Chocolate-covered raisins are another healthy alternative to Halloween candy that’s likely to go over well. M&M’s Peanut Chocolate Candy is the rare candy with some nutritional value, though trail mix or granola bars are better options. “Kids are getting a good amount of healthy fats and protein with any of them,” Lockard said.
If you’re a traditionalist, opt for dark chocolate over milk chocolate, which has a much higher sugar content. But, be careful: Not everything that’s advertised as dark chocolate actually is. Genuine dark chocolate will have a percentage listed somewhere on the packaging. Anything greater than 72% is safe choice.

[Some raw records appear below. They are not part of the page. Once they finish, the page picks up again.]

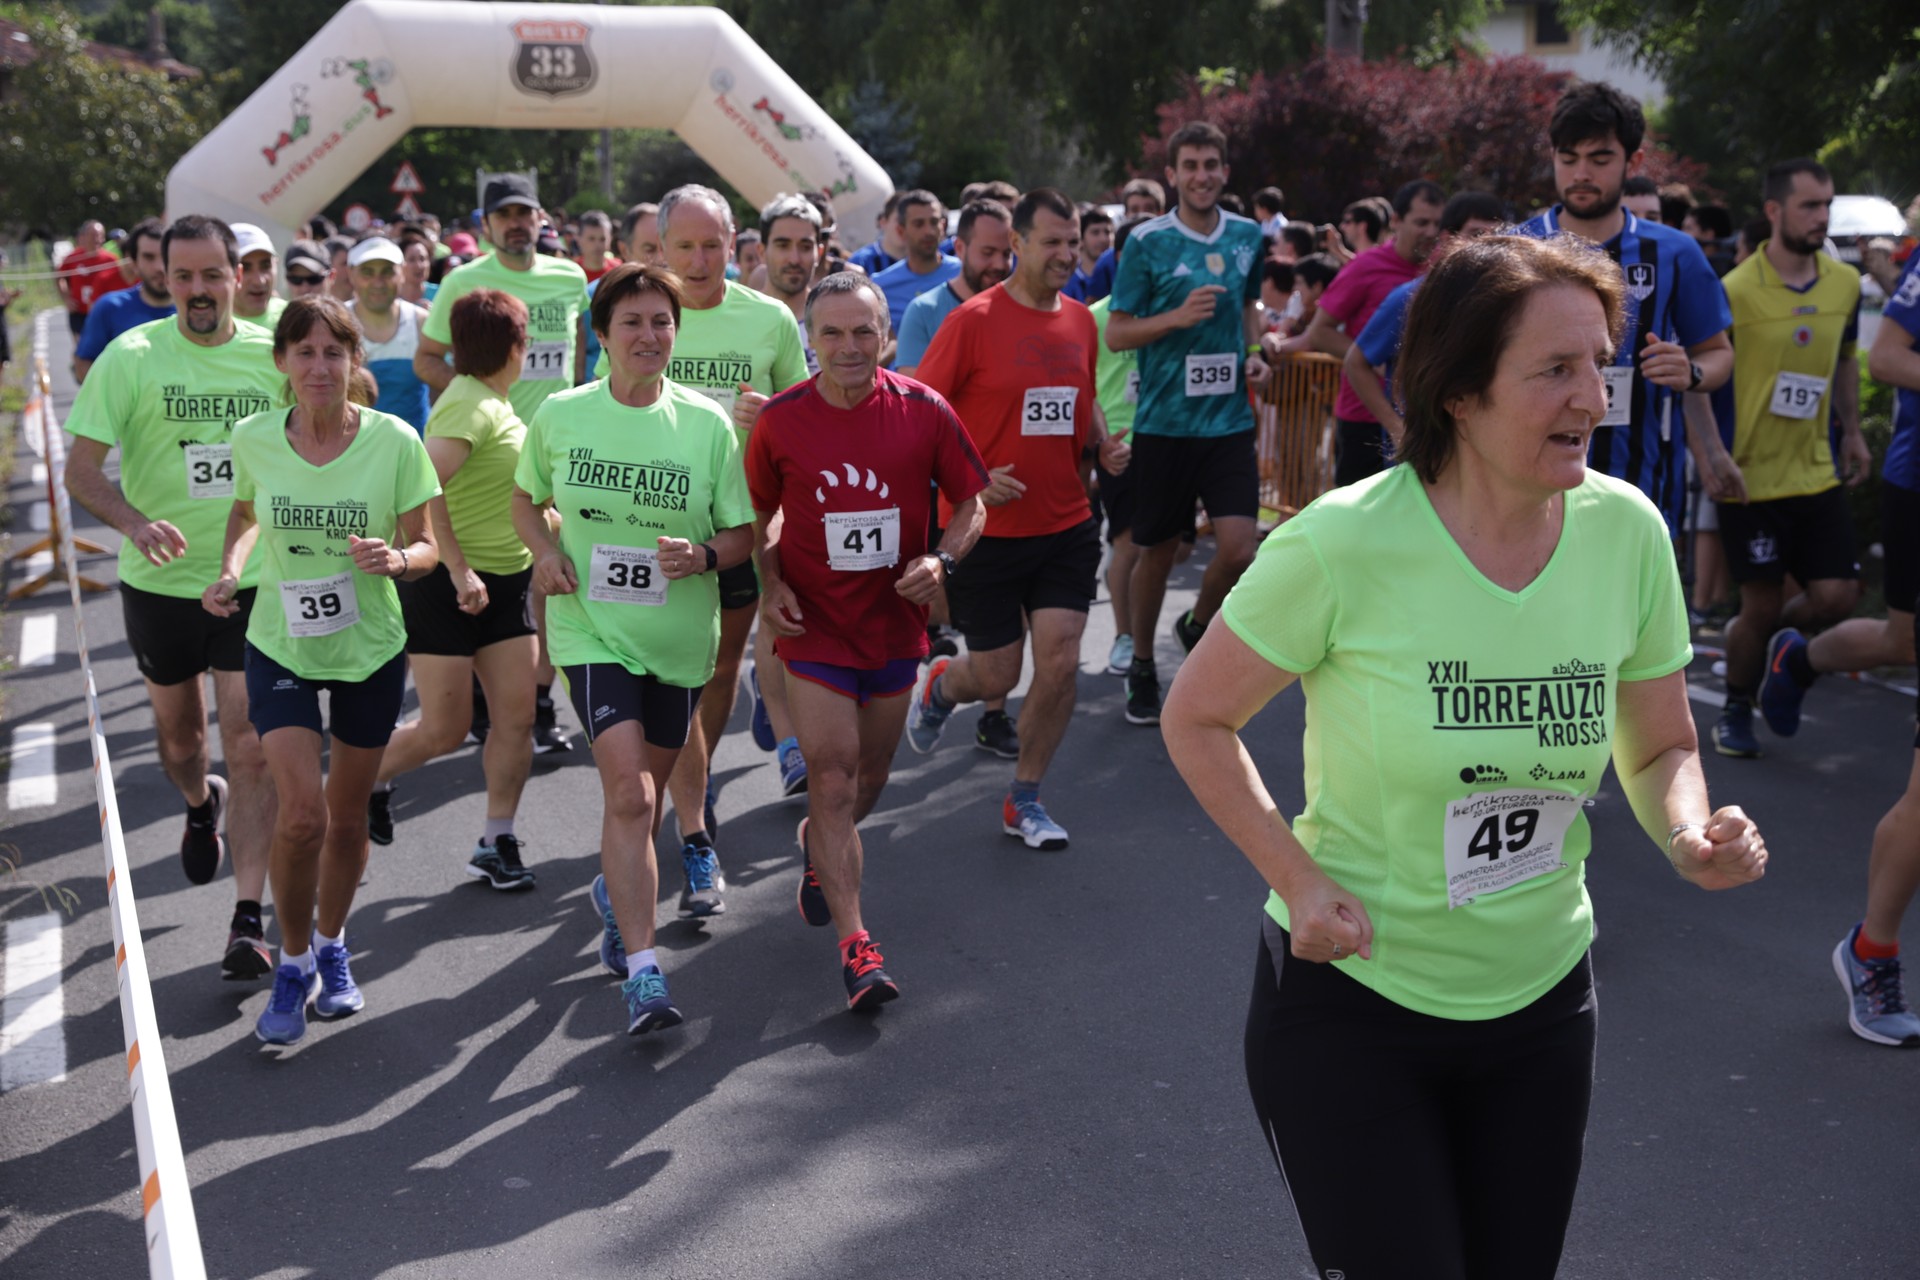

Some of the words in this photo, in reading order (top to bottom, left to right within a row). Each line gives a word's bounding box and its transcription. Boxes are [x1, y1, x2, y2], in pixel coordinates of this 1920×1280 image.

[530, 45, 577, 78] 33
[527, 351, 563, 369] 111
[1190, 365, 1231, 384] 339
[1027, 400, 1072, 421] 330
[1780, 386, 1821, 411] 197
[193, 459, 234, 484] 34
[567, 460, 690, 497] TORREAUZO
[632, 490, 687, 513] KROSSA
[272, 507, 368, 528] TORREAUZO
[639, 519, 666, 530] LANA
[843, 527, 883, 554] 41
[607, 562, 652, 589] 38
[300, 592, 342, 620] 39
[1427, 660, 1474, 684] XXII.
[1432, 679, 1606, 724] TORREAUZO
[1538, 719, 1608, 748] KROSSA
[1548, 769, 1586, 781] LANA
[1452, 793, 1577, 818] herrikrosa.eus
[1467, 808, 1540, 862] 49

While sugar-free candy may seem like a better option than the standard variety, it’s not. Sugar-free foods contain sugar alcohols, some of which are man-made. “We don’t want foods created in a lab in our diets,” Lockard said. “And, there’s a laundry-list of unhealthy ingredients that are added to sugar-free foods to make them taste good.”
Not to be overlooked in all of this is cost. A 15-piece bag of Reese’s Peanut Butter Spooky Eyeballs runs about $5, whereas a box of 12 dark chocolate KIND bars is $15. Healthy snacks are generally more expensive than candy. But you can offset much of that difference by buying only what you’ll need for the night.